Lutter contre le mitage et protéger les espaces agricoles
Pour donner un coup d'arrêt à l'artificialisation des sols, la loi souhaite favoriser le reclassement en zones naturelles des anciennes zones à urbaniser. "Une collectivité qui prévoit de modifier son PLU pour urbaniser une zone 2AU (1) doit produire une délibération motivée démontrant que cette ouverture à l'urbanisation est rendue nécessaire par un tissu urbain (zones U) qui n'offre pas d'autres possibilités à l'urbanisation", détaille le ministère.
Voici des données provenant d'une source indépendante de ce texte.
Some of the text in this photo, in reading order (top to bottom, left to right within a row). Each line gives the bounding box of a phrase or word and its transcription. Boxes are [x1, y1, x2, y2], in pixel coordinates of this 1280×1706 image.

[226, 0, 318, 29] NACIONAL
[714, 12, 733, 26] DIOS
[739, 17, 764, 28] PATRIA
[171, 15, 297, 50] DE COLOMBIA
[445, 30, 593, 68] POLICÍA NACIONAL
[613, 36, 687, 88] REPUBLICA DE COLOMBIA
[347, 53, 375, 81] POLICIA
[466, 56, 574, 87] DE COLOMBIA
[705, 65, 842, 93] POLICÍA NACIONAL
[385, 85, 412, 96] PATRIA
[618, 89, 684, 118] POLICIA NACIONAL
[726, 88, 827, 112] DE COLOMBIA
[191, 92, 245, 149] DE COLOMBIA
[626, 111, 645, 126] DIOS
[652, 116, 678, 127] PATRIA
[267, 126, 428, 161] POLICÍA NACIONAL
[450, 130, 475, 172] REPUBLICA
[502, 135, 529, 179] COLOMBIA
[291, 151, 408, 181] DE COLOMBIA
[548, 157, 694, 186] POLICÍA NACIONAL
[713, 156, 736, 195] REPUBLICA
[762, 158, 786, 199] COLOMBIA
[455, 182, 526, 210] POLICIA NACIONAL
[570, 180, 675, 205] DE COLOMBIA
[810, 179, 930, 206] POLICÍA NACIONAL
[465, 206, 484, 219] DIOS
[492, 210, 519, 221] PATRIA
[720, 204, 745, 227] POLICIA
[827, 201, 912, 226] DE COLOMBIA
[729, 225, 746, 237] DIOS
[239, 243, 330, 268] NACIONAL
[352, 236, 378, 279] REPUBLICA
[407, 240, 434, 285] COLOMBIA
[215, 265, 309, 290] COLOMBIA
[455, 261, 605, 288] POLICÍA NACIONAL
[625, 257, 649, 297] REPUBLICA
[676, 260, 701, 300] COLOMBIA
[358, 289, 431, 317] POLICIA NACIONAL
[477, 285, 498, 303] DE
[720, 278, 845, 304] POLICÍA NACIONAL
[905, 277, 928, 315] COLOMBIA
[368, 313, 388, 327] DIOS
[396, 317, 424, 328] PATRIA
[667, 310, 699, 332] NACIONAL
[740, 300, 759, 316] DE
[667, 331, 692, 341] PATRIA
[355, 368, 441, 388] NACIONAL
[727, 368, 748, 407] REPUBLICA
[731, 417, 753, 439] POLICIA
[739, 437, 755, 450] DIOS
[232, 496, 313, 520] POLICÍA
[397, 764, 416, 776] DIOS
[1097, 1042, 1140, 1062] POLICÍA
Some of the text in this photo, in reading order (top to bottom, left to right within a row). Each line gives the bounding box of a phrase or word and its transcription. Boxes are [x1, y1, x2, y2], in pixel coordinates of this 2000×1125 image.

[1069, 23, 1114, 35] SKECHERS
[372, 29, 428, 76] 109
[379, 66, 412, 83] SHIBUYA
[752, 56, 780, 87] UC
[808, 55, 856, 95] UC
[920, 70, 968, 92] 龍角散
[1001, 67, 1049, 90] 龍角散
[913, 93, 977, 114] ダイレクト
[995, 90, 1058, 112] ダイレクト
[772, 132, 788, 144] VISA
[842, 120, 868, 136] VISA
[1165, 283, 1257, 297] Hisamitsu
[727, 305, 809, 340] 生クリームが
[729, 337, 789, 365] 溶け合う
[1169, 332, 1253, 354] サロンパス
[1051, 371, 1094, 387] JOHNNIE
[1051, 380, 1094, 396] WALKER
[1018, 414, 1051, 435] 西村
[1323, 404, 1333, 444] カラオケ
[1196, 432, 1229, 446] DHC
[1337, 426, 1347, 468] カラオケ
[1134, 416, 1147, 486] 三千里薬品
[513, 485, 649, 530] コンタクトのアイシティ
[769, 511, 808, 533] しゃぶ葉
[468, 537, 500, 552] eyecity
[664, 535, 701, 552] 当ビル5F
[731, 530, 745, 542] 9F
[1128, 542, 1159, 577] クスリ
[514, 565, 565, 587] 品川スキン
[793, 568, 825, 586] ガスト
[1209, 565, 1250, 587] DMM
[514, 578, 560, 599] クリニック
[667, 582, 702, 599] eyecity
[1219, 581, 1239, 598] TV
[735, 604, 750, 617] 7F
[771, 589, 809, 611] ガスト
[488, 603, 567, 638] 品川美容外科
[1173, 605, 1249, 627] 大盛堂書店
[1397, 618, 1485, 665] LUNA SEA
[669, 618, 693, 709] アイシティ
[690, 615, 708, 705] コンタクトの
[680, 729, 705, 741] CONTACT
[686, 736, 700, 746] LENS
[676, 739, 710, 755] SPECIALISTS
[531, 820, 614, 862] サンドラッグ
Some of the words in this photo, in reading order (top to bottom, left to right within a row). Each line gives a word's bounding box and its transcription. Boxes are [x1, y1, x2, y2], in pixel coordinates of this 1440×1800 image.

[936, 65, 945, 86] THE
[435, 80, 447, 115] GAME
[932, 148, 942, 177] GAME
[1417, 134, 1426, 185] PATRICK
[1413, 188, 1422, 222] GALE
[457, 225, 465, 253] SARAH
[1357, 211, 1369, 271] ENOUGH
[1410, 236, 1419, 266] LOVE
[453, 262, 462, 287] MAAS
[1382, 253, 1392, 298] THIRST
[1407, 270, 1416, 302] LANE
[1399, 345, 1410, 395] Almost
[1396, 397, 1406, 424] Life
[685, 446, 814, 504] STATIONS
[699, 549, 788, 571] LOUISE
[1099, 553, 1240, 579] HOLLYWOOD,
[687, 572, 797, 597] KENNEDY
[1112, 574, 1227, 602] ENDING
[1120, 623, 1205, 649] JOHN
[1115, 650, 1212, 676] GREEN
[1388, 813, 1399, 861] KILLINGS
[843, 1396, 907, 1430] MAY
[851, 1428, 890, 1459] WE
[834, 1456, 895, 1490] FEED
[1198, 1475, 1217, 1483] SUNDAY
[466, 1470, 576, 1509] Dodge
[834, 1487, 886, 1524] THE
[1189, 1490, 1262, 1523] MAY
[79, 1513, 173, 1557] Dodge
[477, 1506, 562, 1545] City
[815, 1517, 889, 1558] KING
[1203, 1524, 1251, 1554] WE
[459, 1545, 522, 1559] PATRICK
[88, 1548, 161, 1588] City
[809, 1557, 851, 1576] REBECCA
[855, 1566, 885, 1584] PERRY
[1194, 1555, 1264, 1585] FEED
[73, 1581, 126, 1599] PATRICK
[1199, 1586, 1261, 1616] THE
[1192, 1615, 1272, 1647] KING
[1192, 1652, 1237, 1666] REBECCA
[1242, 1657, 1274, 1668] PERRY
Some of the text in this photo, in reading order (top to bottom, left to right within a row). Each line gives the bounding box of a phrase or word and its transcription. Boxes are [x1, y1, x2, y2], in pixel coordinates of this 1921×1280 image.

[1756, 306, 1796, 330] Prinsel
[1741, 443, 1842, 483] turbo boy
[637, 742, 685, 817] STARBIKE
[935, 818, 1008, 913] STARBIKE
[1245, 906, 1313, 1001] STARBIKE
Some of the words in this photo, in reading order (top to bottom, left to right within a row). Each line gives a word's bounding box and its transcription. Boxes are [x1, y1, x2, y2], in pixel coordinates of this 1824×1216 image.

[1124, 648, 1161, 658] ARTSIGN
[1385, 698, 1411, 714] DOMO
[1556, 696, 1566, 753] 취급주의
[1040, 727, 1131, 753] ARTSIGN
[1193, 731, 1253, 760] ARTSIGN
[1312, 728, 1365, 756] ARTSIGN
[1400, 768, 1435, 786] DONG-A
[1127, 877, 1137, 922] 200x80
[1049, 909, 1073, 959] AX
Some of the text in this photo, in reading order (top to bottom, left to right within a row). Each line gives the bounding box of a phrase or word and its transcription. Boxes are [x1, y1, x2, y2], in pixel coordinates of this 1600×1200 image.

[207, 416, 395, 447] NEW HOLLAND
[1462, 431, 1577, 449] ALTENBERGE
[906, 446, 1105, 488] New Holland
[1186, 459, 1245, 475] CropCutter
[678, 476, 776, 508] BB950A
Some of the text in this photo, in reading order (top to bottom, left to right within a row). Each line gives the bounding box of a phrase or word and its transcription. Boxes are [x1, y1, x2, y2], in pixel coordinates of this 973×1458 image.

D'autre part, les zones classées 2AU qui n'auront fait l'objet d'aucun projet d'aménagement ou d'acquisition foncière au bout de neuf ans seront considérées comme zones naturelles ou agricoles (zones N ou A), donc non urbanisables.
Afin de lutter contre le mitage et protéger les espaces agricoles et naturels, la loi élargit le rôle des commissions départementales de consommation des espaces agricoles (CDCEA). "Dans les communes non couvertes par un document d'urbanisme, la possibilité existante de recourir à une délibération motivée du conseil municipal pour déroger à la règle d'inconstructibilité est davantage encadrée", explique le ministère de l'Egalité des territoires. Pour les communes couvertes par un PLU, la loi rend exceptionnelle la possibilité d'utiliser le "pastillage" qui permet de délimiter des pastilles urbanisables en zones agricole et naturelle. Dans les zones naturelles, les autorisations de travaux sont soumises à l'avis conforme de la CDCEA.
Le Gouvernement souhaite par ailleurs doter l'ensemble des territoires qui le nécessitent d'établissements publics fonciers (EPF) d'Etat ou locaux en vue de mettre à disposition des collectivités "une ingénierie performante et la mobilisation d'une ressource fiscale mutualisée et dédiée". La loi définit pour les EPF locaux des missions et objectifs similaires à ceux des EPF d'Etat.
Les collectivités sont encouragées à se doter d'un PLU. Le texte de loi prévoit par conséquent qu'en l'absence de transformation en PLU au 31 décembre 2015, le Pos devient caduc. Le territoire qu'il couvre se voit appliquer le règlement national d'urbanisme (RNU).
Les "drive" désormais soumis à autorisation
Pour éviter l'artificialisation des sols, la loi entend également mieux maîtriser l'aménagement commercial. Les porteurs de projets d'équipements commerciaux auront désormais l'obligation d'organiser la remise en état du terrain ou de traiter une friche existante.
La loi limite également la superficie des parkings des équipements commerciaux. Désormais, leur superficie représentera au maximum les trois quarts de la surface du bâti, contre 1,5 actuellement. Des assouplissements sont toutefois prévus pour tenir compte des circonstances locales, des infrastructures de recharge des véhicules électriques ou hybrides, et des revêtements perméables.
La nouvelle loi soumet enfin la localisation des "drive" à autorisation d'exploitation commerciale. Ces points de retrait des marchandises accessibles en voiture ne pourront plus être implantés qu'"au sein des zones urbanisées, dans les zones commerciales existantes, à proximité des lieux de vie et d'activités habituellement fréquentés par les consommateurs". Il faut dire qu'il s'en est ouvert cinq par jour ces derniers mois "loin de toute considération d'aménagement du territoire ou de développement durable", souligne le ministère en charge de l'urbanisme.